Il concorso
cui partecipano le città per diventare “capitali europee della
cultura” assomiglia a miss Italia. Di step in
step (perché non “gradino”?),
cioè di scrematura in
scrematura, il numero delle località pretendenti si va
assottigliando tra un andirivieni di commissari che, spostandosi da
un capo all'altro della nazione designata, prendono le misure alle
città e ai loro progetti. E come nei concorsi di bellezza ci sono i
titoli e i premi di consolazione. Così, tra le cinque città
finaliste, una sola, Matera, ha la
gloria d'essere “capitale europea della cultura 2019” e la gioia
di ricevere i sostanziosi contributi connessi al ruolo; le altre - e
tra esse Perugia - devono contentarsi della fascia di “capitali
italiane della cultura 2015” e di un premio più modesto.
Questa
delle “4 capitali 4” è peraltro cosa aberrante e un po'
ridicola: “capitale” viene da caput, testa,
e un essere a quattro teste ai più sembrerebbe un mostro; ma,
nell'era della competizione globale e della sfida territoriale, le
“sparate” pubblicitarie sono moneta corrente perfino nelle
burocrazie europee. Detto per inciso, ci è capitato di leggere –
sul giornalino di Colaiacovo e Castellini – un titolo sublime:
Brufa capitale dell'arte tra scultura, ceramica e pittura.
Più
significativo del ruolo di “capitalina” è comunque il premio di
consolazione, un milione tondo tondo: 200 mila euro di fondi europei
e 800 mila del ministero della Cultura. Tra gli intenti dichiarati
da chi ha costruito questo baroccheggiante ambaradan c'è di far sì
che i denari servano davvero per la cultura e che almeno una parte,
più che a produrre “eventi” inevitabilmente effimeri, serva a
finanziare infrastrutture durature, ragion per cui sono richiesti ai
Comuni precisi progetti.
Le risorse
assegnate a Perugia scaturiscono in parte dalla progettazione
della giunta Boccali-Cernicchi e del suo team di consulenti guidato
da Bracalente; e a loro si deve lo slogan contadino che avrebbe
dovuto unificare iniziative ed interventi: Seminare il
cambiamento. La nuova giunta ne
ha corretto il senso con una specificazione, Dalla memoria
il futuro, e ha modificato
ampiamente il piano iniziale. Lo slogan risultante resta aereo e
suggestivo, ma sembra affidare il domani di Perugia a un ritorno alle
origini, che ridia vigore agli eredi delle antiche élites,
massoniche o clericali importa poco. Il tutto è cementato da
un'ideologia d'accatto, che trova la sua incarnazione nella vispa
Teresa Severini, assessore e sorella del Consigliere di Stato: un
“peruginismo” senza 20 giugno e senza lotte mezzadrili, senza
partigiani e senza comunisti.
Dal prospetto diffuso
risulta che il milione sarà speso un po' qua un po' là:
150 mila euro per un “Museo del Medioevo” (100 per infrastrutture
e 50 per eventi); 30 mila per rappresentazioni storiche dentro la
Rocca Paolina; 30 mila per un “Museo diffuso per gli strumenti
musicali” e altrettanti per una mostra sulla Grande Guerra.

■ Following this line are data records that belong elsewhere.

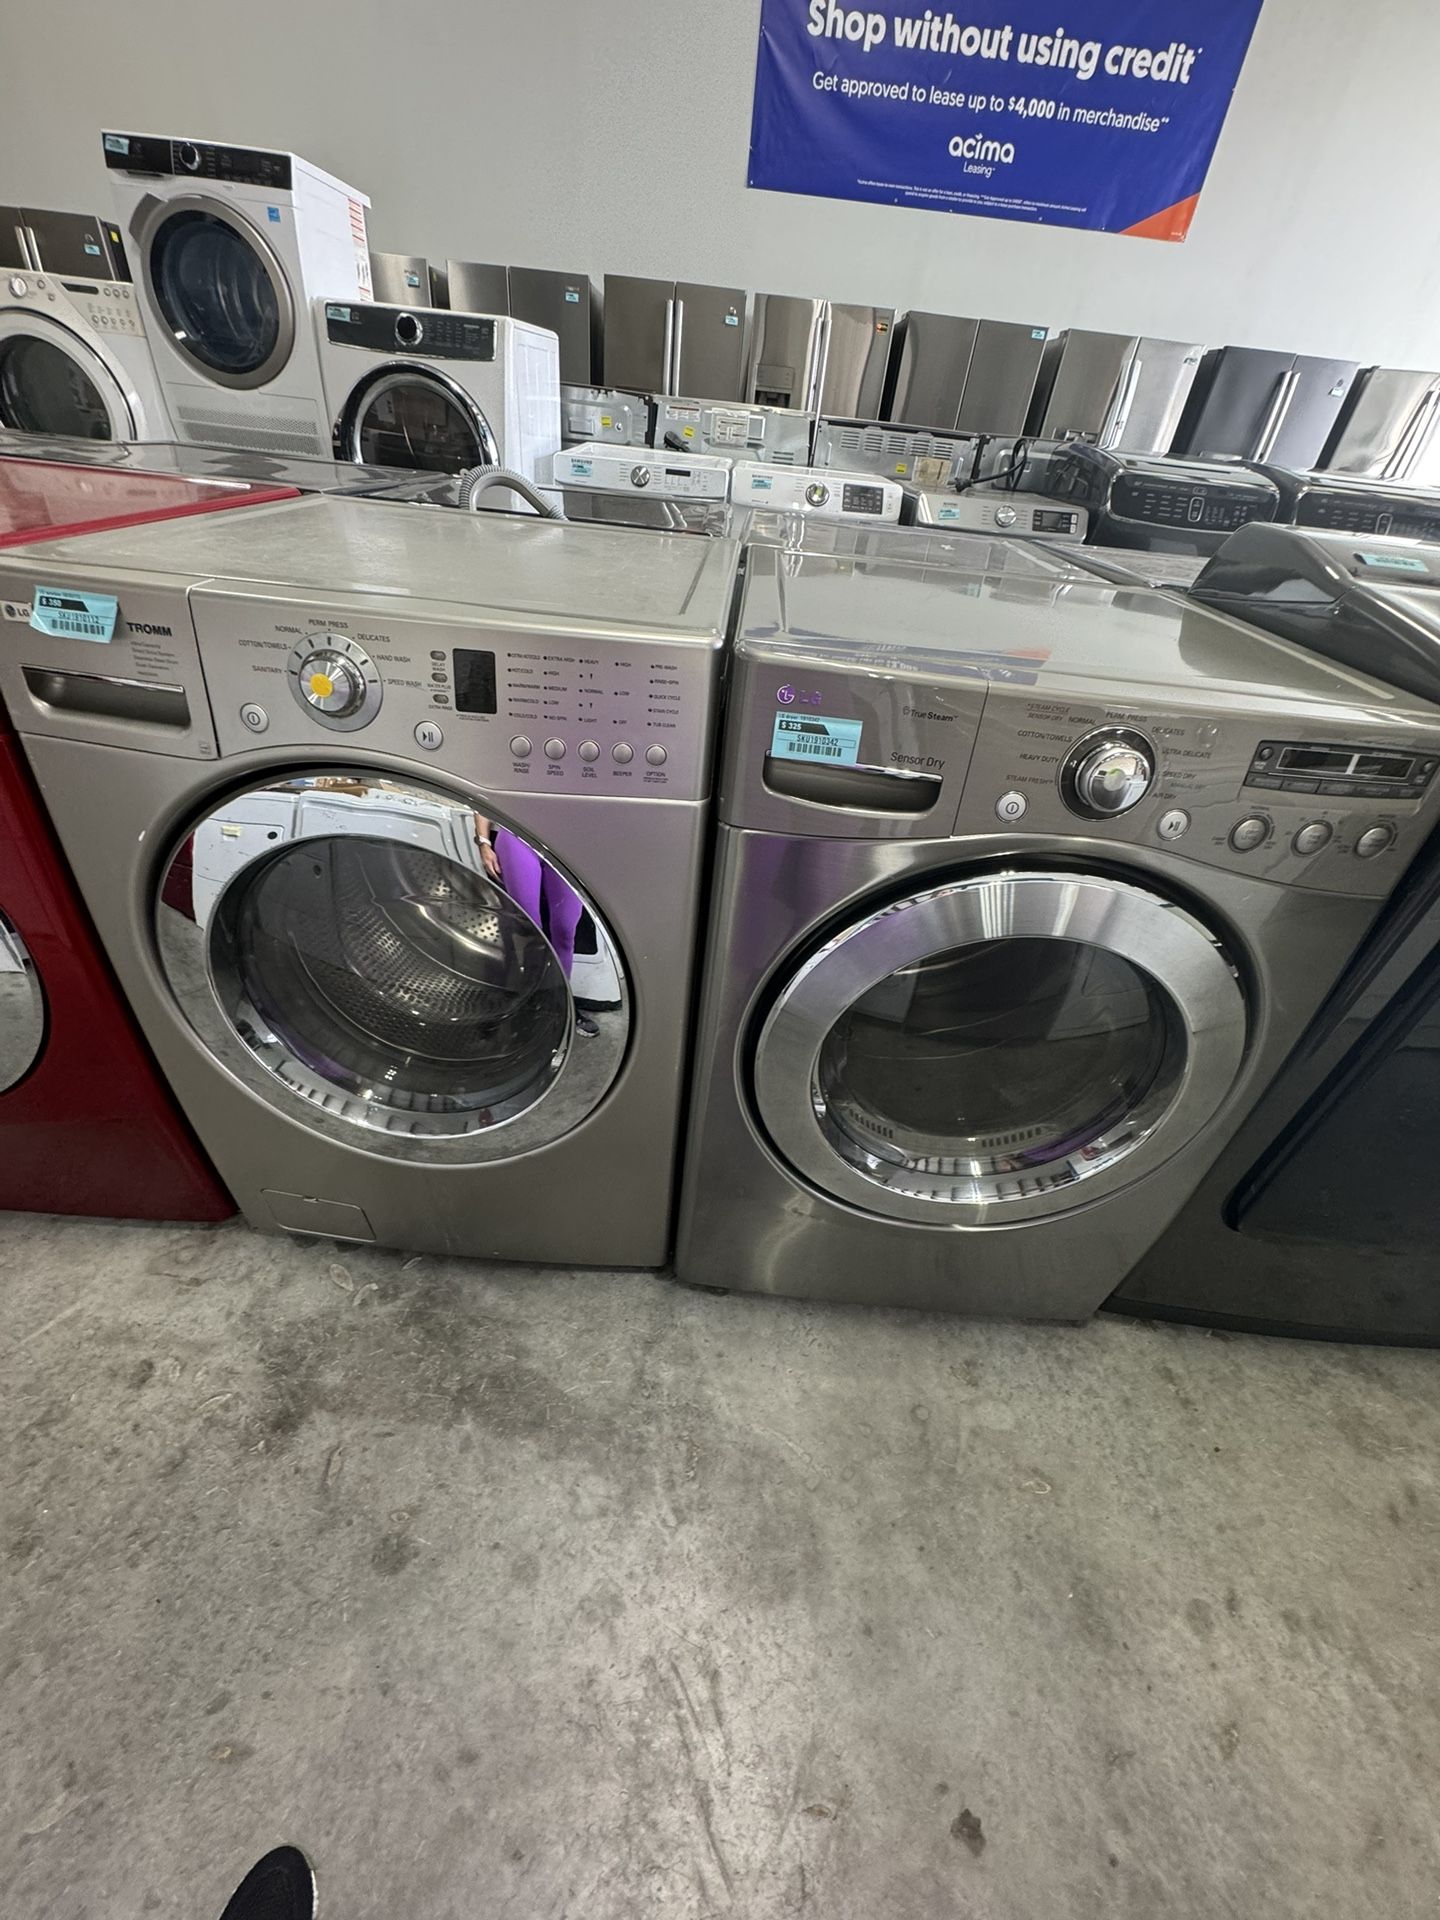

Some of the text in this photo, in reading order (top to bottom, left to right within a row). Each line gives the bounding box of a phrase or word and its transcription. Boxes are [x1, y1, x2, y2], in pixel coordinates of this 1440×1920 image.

[807, 0, 886, 52] Shop
[894, 10, 1013, 61] without
[1017, 27, 1102, 80] using
[813, 71, 838, 92] Get
[841, 77, 909, 99] approved
[912, 85, 926, 103] to
[929, 86, 964, 107] lease
[968, 94, 987, 113] up
[990, 95, 1004, 112] to
[1008, 96, 1055, 119] $4,000
[1057, 103, 1071, 121] in
[949, 133, 1014, 164] acima
[17, 608, 30, 617] LG
[328, 620, 348, 629] PRESS
[126, 622, 172, 637] TROMM
[275, 625, 302, 635] NORMAL
[357, 633, 391, 643] DELICATES
[252, 665, 282, 674] SANITARY
[800, 689, 821, 705] LG
[1068, 716, 1096, 725] NORMAL
[1128, 714, 1147, 722] PRESS
[781, 721, 787, 729] $
[1152, 727, 1185, 736] DELICATES
[797, 735, 839, 746] SKU1910342
[1162, 747, 1212, 759] ULTRA DELICATE
[891, 752, 945, 770] Sensor Dry
[1041, 755, 1059, 763] DUTY
[1006, 774, 1027, 782] STEAM
[1162, 770, 1182, 778] SPEED

Continuiamo: 20 mila euro per una rassegna di danza e 50 mila per
concerti nei luoghi d'arte; 15 mila a favore dell'accessibilità del
Pozzo etrusco e 100 mila al teatro Pavone per scenografie innovative.
Qualcosa c'è anche per la biblioteca (L’Augusta è Perusia –
si proclama), che dovrebbe «diventare, da principale
conservatrice delle documentazioni riguardanti storia e cultura della
città, la migliore divulgatrice delle stesse»: 20 mila euro per
infrastrutture e 30 mila per eventi; poi “luci d'artista” sui
monumenti (50 mila); teatro in piazza e musica d'autore (40 mila), il
San Francesco musicato da Messiaen (60 mila), in cui si imita
il canto degli uccelli. Dicono che sarà presentato da giovani
orchestre europee “en plein air”: un tocco di francese
impressionistico non guasta, come non guasta una spruzzatina del
francescanesimo più innocuo, senza polemiche contro la ricchezza e
senza dialoghi con l'Islam.
Si prosegue con le
mostre, tra cui una dedicata a Gerardo Dottori (50 mila euro),
immancabile dato il clima culturale. Sul “giornalino”, in
parallelo con la rivalutazione dell'architettura fascista in città
(un certo Majorca il 22 agosto proponeva una sorta di
pellegrinaggio), è in corso una canonizzazione del pittore futurista
e fascista: l'ultimo articolo (Coppari, 23 agosto) parla di una
ingiusta emarginazione dovuta alla “retorica antifascista”. Non è
da escludere che ci sia lo zampino di Campi, biografo del duce; o del
suo allievo Varasano, presidente del Consiglio Comunale; o di tutti e
due.
Un'altra voce (30 mila
euro per le infrastrutture e 40 mila per gli eventi) ha il titolo
inglese Community Drama, forse
per confondere le idee. Il modello sono i “molti comuni
umbri, che ospitano importanti feste popolari radicate nelle comunità
locali che rievocano modi di vita, usi e costumi”; come dire: “...e
noi faremo come Bevagna!”. Ci si
predispone così alla rievocazione di Braccio Fortebraccio con
relativa sassaiola programmata per il 2016. Per finire una catena di
Sant'Antonio: 50 mila euro serviranno per partecipare a un altro
concorso a premi, finanzieranno il Forum di Associazioni impegnato a
sostenere la candidatura di Perugia come “capitale europea della
gioventù 2020”. Evviva.
Di questo vasto
programma si può dire subito una cosa: i finanziamenti a
pioggia rischiano di far divenire effimero anche l'intervento
infrastrutturale. Avrebbe avuto un effetto più duraturo un uso
mirato del milione: per esempio interventi sulle sofferenze delle
biblioteche e del sistema museale (e ce ne sono), o sui beni
culturali a rischio (e ce ne sono, nell'ampio territorio del Comune).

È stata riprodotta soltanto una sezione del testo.